:: Exercise material ::

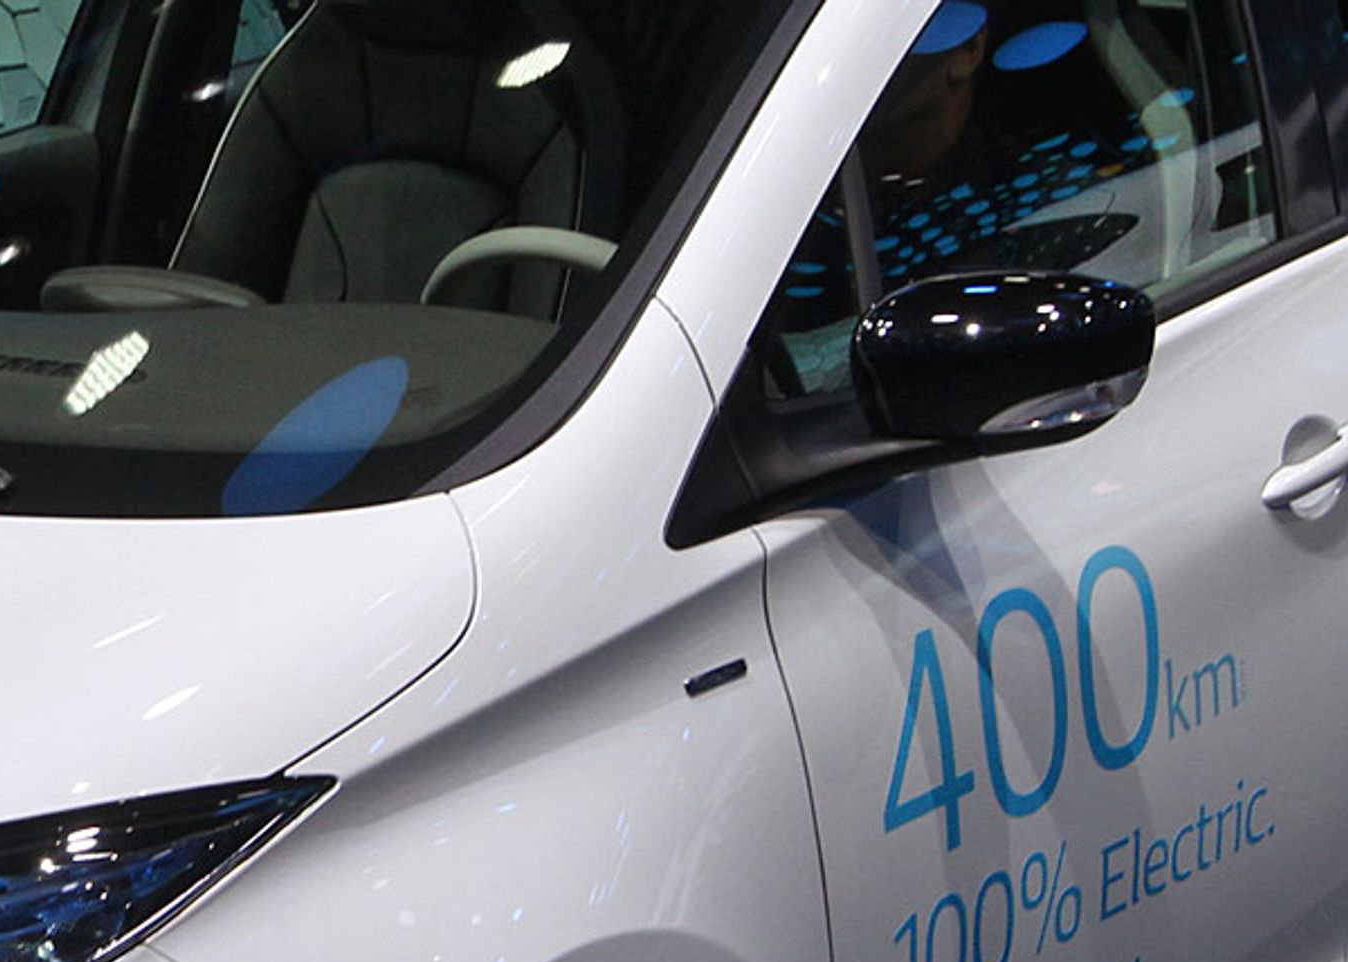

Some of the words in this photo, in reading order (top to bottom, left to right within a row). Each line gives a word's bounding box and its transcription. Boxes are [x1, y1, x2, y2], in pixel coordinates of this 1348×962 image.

[883, 545, 1160, 853] 400
[1164, 652, 1240, 740] km
[1099, 779, 1276, 922] Electric.
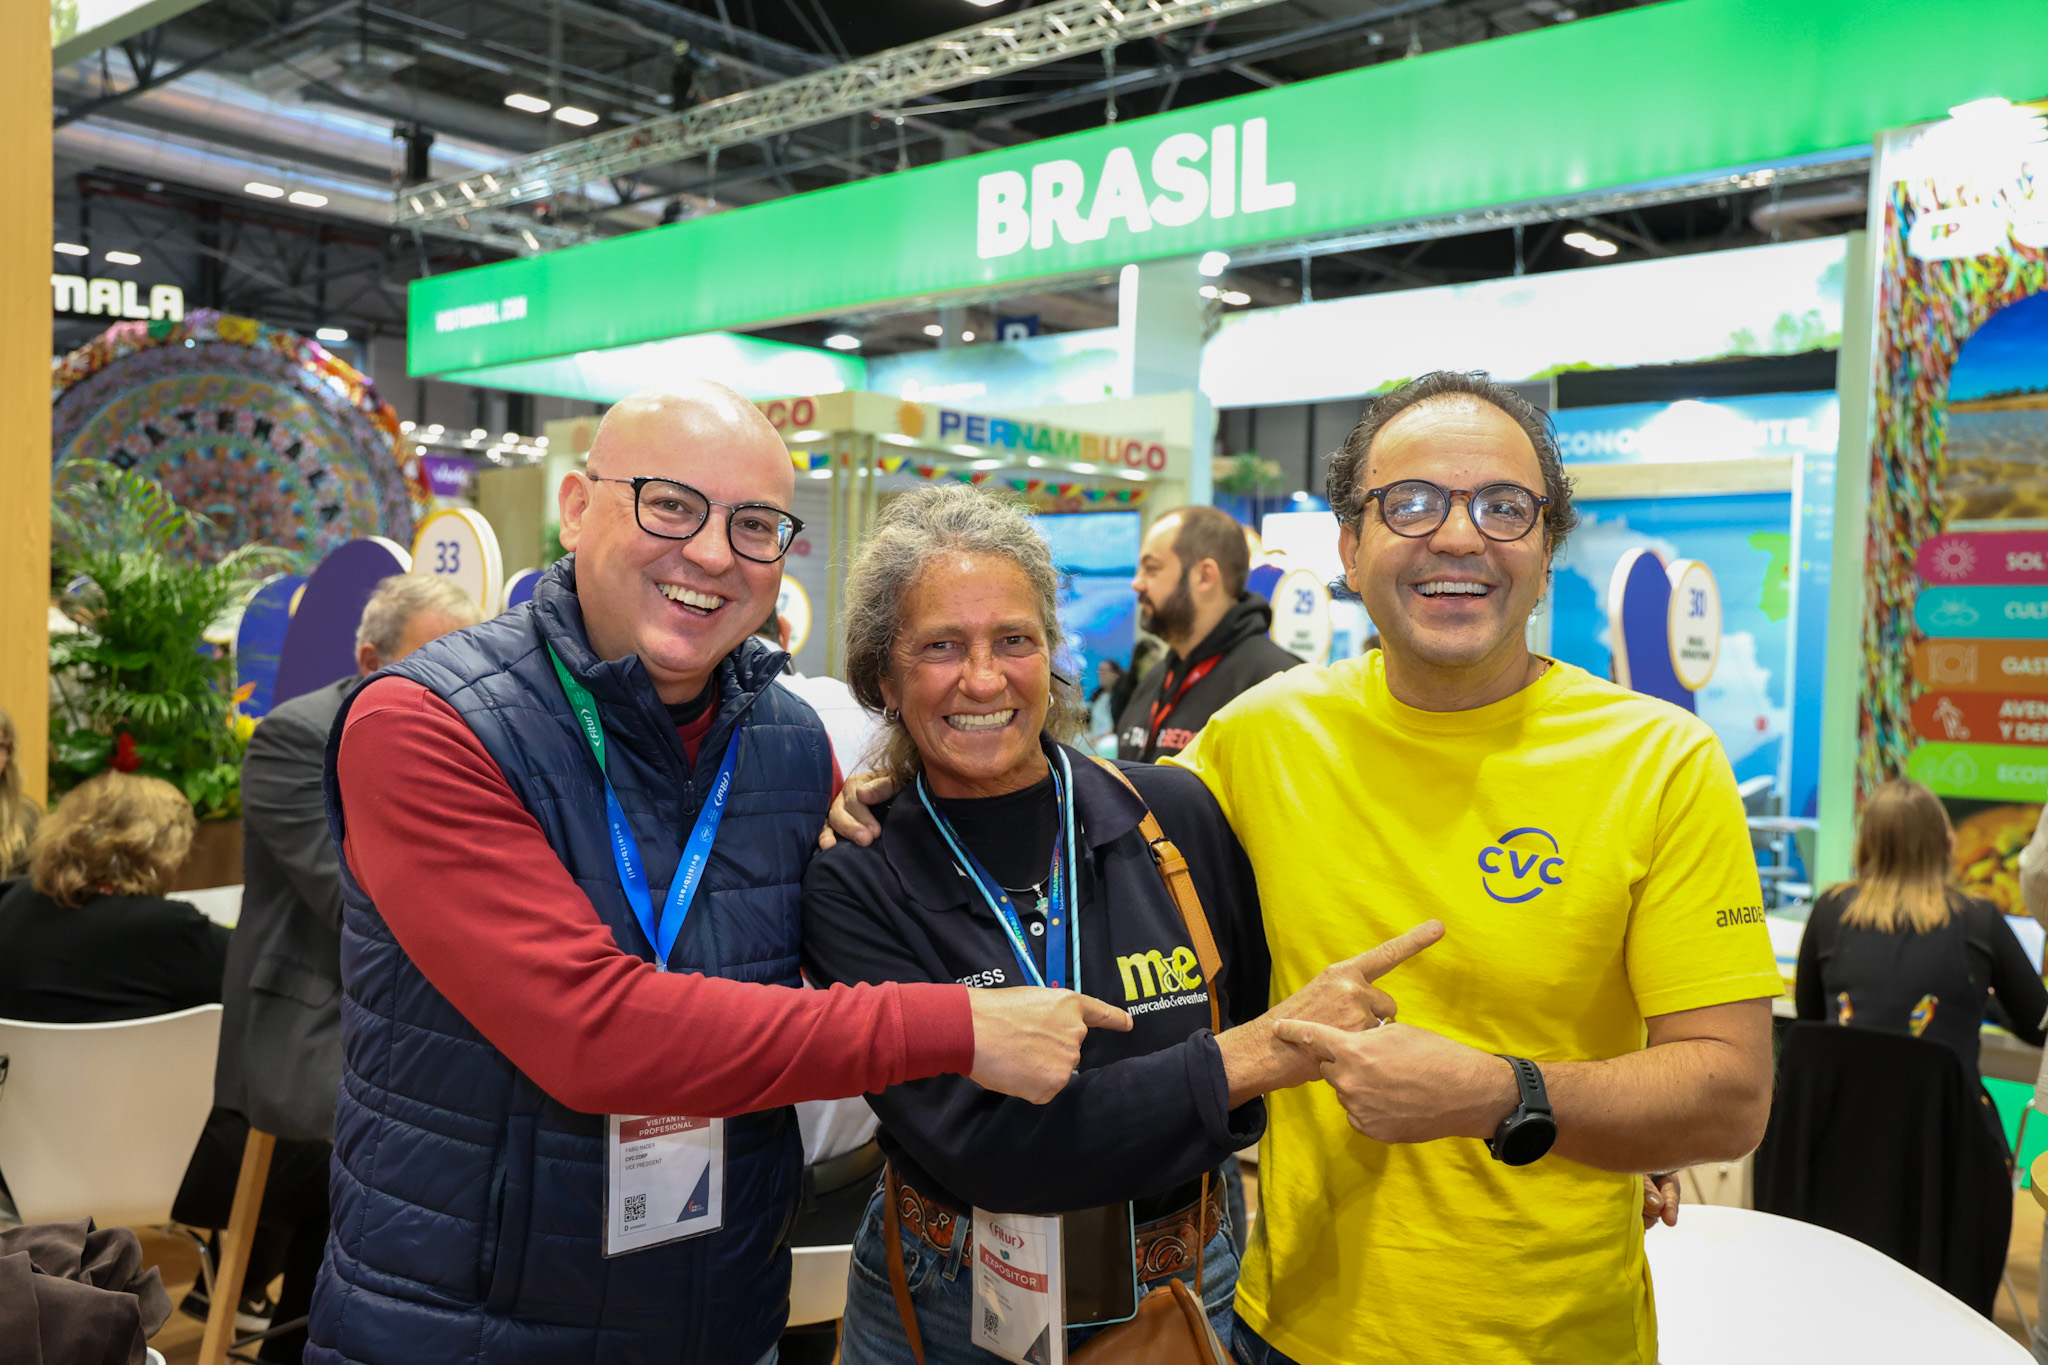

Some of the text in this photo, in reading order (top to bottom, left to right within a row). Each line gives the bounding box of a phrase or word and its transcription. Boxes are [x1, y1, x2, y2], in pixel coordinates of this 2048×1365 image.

[977, 116, 1296, 259] BRASIL
[939, 410, 1167, 471] PERNAMBUCO
[435, 541, 460, 573] 33
[2005, 551, 2046, 571] SOL
[613, 822, 636, 879] @visitbrasil
[1478, 846, 1565, 885] CVC
[676, 854, 701, 906] @visitbrasil
[1116, 945, 1203, 1001] m&e
[1127, 992, 1209, 1016] mercado&eventos
[638, 1121, 693, 1137] PROFESIONAL
[646, 1115, 686, 1127] VISITANTE
[625, 1158, 662, 1171] VICE PRESIDENT
[984, 1253, 1038, 1287] EXPOSITOR

:::

(Task details): Print each entry shown above with exact wording and no pictures.

(Result of the exercise):
Some of the words in this photo, in reading order (top to bottom, left to right within a row). Each line gives a word's bounding box and its transcription. Boxes are [x1, y1, x2, y2], in pixel coordinates of this 1348×962 image.

[883, 545, 1160, 853] 400
[1164, 652, 1240, 740] km
[1099, 779, 1276, 922] Electric.

Some of the text in this photo, in reading order (top to bottom, left to right within a row). Each line gives the bounding box of a phrase or word and its transcription. Boxes are [x1, y1, x2, y2], in pixel coordinates of this 2048×1365 image.

[977, 116, 1296, 259] BRASIL
[939, 410, 1167, 471] PERNAMBUCO
[435, 541, 460, 573] 33
[2005, 551, 2046, 571] SOL
[613, 822, 636, 879] @visitbrasil
[1478, 846, 1565, 885] CVC
[676, 854, 701, 906] @visitbrasil
[1116, 945, 1203, 1001] m&e
[1127, 992, 1209, 1016] mercado&eventos
[638, 1121, 693, 1137] PROFESIONAL
[646, 1115, 686, 1127] VISITANTE
[625, 1158, 662, 1171] VICE PRESIDENT
[984, 1253, 1038, 1287] EXPOSITOR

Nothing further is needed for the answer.